Like it really, actually hurts. Maybe it’s because I’ve been watching too many episodes of House? Or maybe it’s because of copious amount of polluted, smog filled roads I’ve been walking down. It could be because I miss home… I miss my friends & family… (and my cats).
But that’s not why.
Every night we have family prayer and worship at the ministry we are staying with in Haiti. It’s a place where almost forty individuals of all ages call “home”. Our team joins as we all sit in the living room. We sing… okay we listen to them sing in creole and occasionally sing a song or two. Testimonies of the grace of God are shared and prayers are lifted up. Hugs and blessings of “bondye beniw” (god bless you) are given before going upstairs and hanging out, laughing, dancing, and watching music videos with some of the guys until it’s way past our usual 9 pm bedtime (the race has turned me into a grandma… don’t judge).
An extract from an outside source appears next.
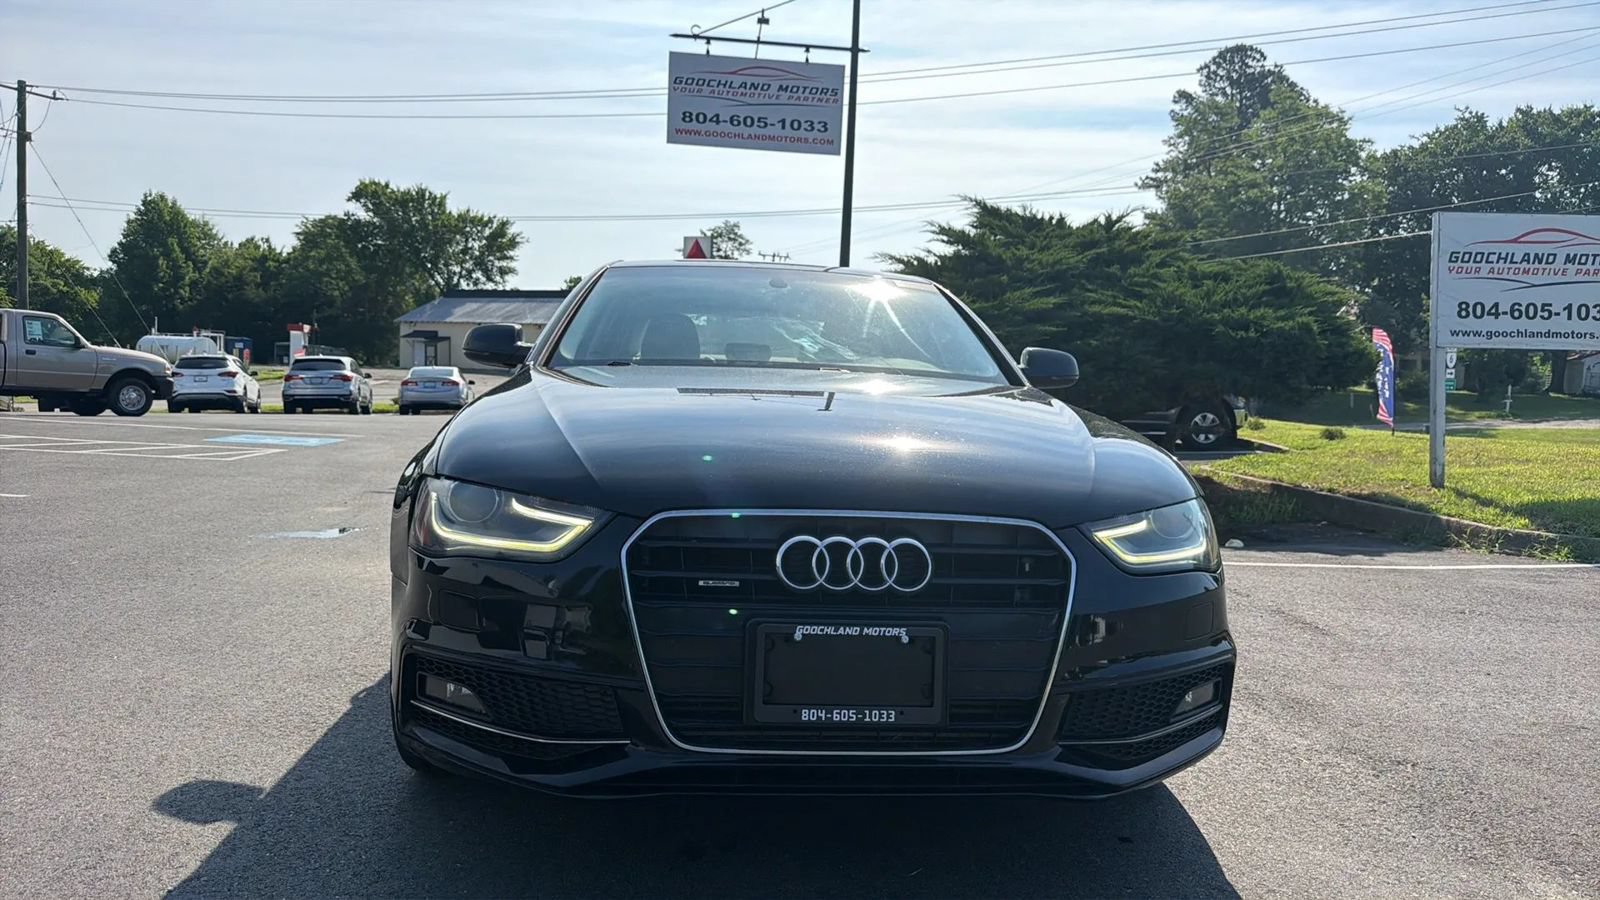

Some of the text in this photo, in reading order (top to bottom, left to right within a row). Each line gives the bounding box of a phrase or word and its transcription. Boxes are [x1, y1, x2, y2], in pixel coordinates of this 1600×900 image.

That’s where it hit me. I looked around and saw this beautiful group of people that I’ve known for a short time but have such a deep admiration for. I saw faces of my new friends who are really more like family. I realized how difficult loving so hard is. For the past ten months I’ve gone from place to place. I’ve entered people’s lives then grew close to them. I walked through life, shared experiences, and learned from individuals who have played a part in the incredible amount of growth and change I have encountered this year. I poured myself out day after day, month after month, for ten solid months. I loved without reserve. And it hit me last night that it sucks. I hate it, honestly. I love so hard and then leave so fast. A month seems to go by in a day. And then it’s a new place, new people, new ministry, and new opportunities to share the love I have. It’s draining.
But it’s been so worth it.
I don’t regret it at all. Actually, when I think about it it’s a good thing. I’ve invested… and if investing in the place I am means a hard goodbye then it was worth it. The fact that it’s so hard to leave means I have done the thing I came on the race to do- to love others well and to share the source of that love daily.
I now have family in ten countries around the world. I have family who will welcome me with open arms when I (hopefully) get to return one day. I’ve learned that it doesn’t matter where you are or who you are around- love unashamedly. It’s sometimes not the easy thing to do. It means focusing on others more than yourself. But, I promise you, it’s always the most rewarding.
Once again, I am overwhelmed with thankfulness for all of the prayers and support y’all have shown throughout this crazy journey. Eight more days until I say goodbye to my Haitian family. Prayers (and encouragement) will be gladly received as me and my team spend our last month in the Dominican Republic and then head home to the USA. Love you guys.